If you can get the wire around the baseboards to the speaker locations, you could go in-wall at that point up to the speakers. There's a link to an illustrated DIY in-wall wiring guide in my signature - you might want to take a look at it.

Regards,
Wayne


----------



## tonyvdb (Sep 5, 2007)

You can always run flat speaker wire but its a bit more costly at about $100 for 100ft. It has an adhesive backing so it can simply be stuck to the wall.


----------



## Space (Jul 18, 2007)

What about going wireless?
Wireless Speaker Review @ Audioholics Don't let the cost spook ya. Crutchfield.com has several quality packages at far less than 8 bills.

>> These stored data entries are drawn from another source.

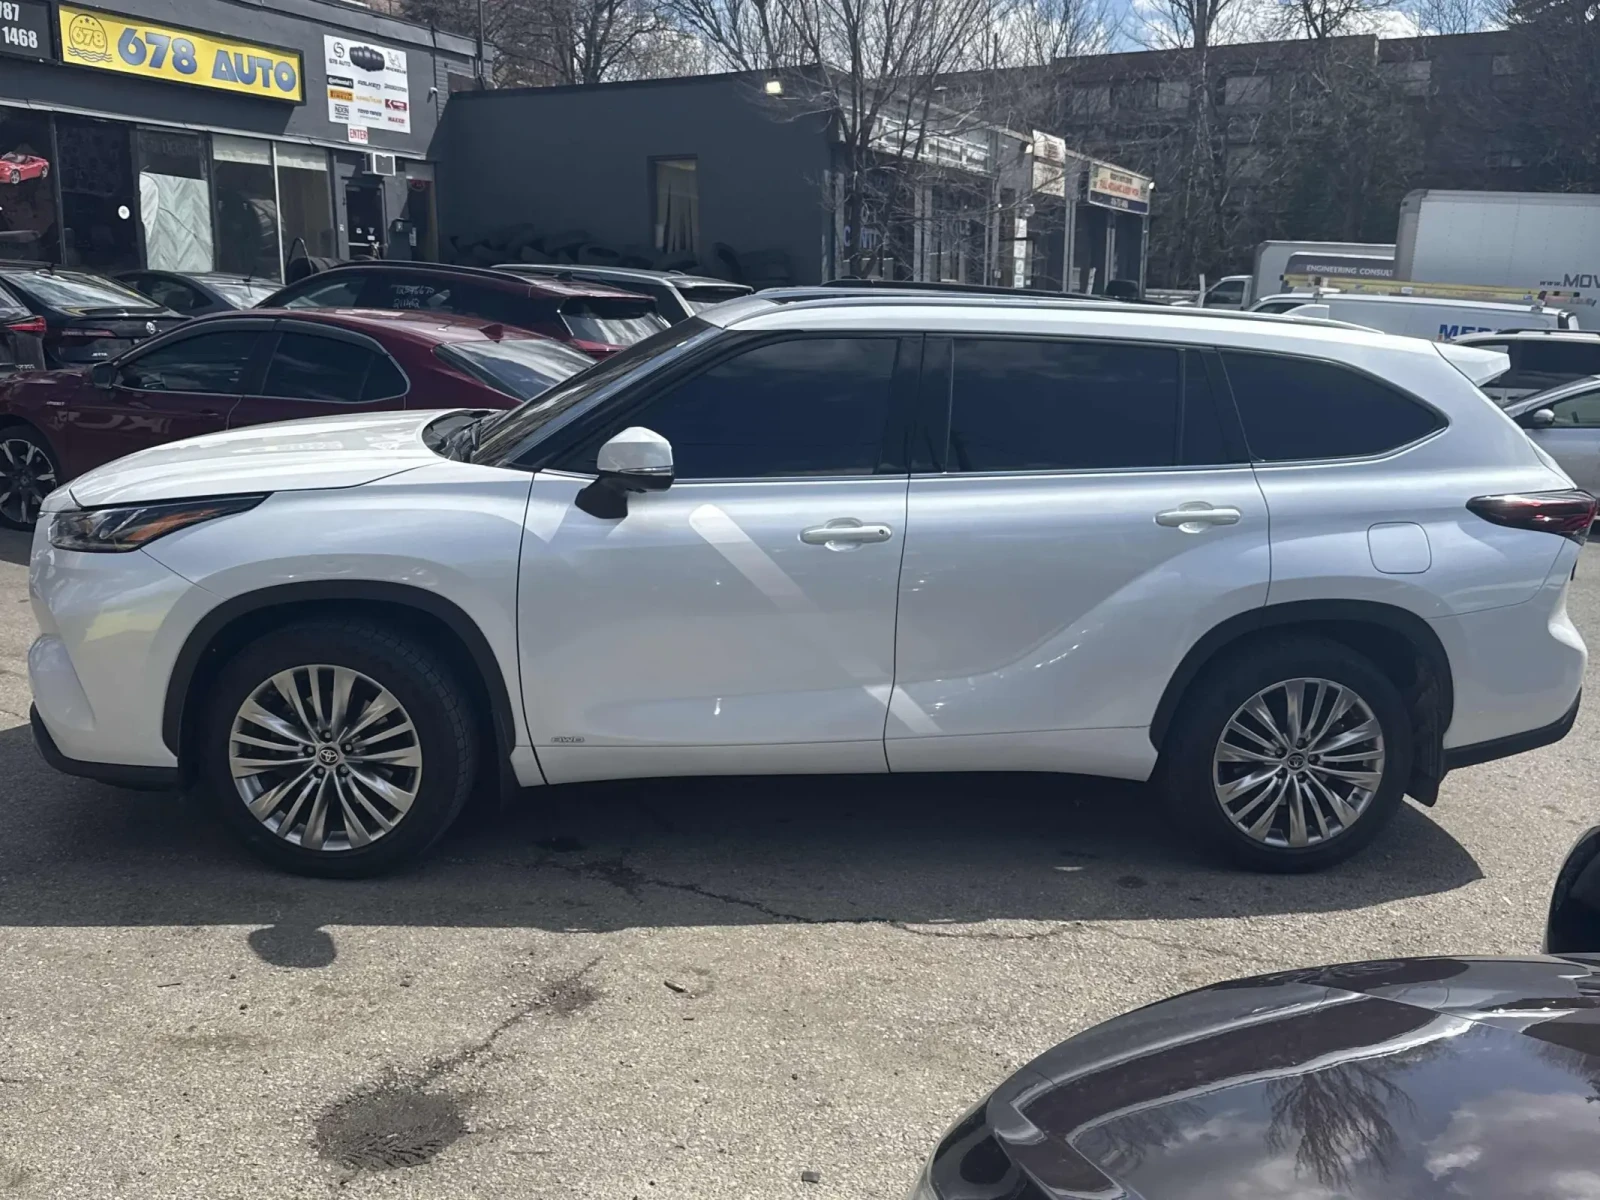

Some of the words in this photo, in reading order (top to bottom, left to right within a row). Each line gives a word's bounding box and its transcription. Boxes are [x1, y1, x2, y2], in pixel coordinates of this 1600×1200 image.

[0, 1, 19, 21] 87
[2, 26, 38, 48] 1468
[71, 26, 105, 48] 678
[118, 28, 198, 75] 678
[211, 49, 297, 93] AUTO
[349, 128, 368, 140] ENTER
[1306, 264, 1357, 275] ENGINEERING

Oh...you didn't want new speakers? Maybe that was me :joke:.


----------



## Anthony (Oct 5, 2006)

There are raceway solutions that hide behind crown and baseboard molding. Works well, I"ve used it in two installs now. Not a ton of room in there, but in one house, I ran 2 sub coax, three speaker wires, and two data cables (one for IR the other for internet). That was jam packed. I couldn't have fit a piece of yarn through there if I wanted to.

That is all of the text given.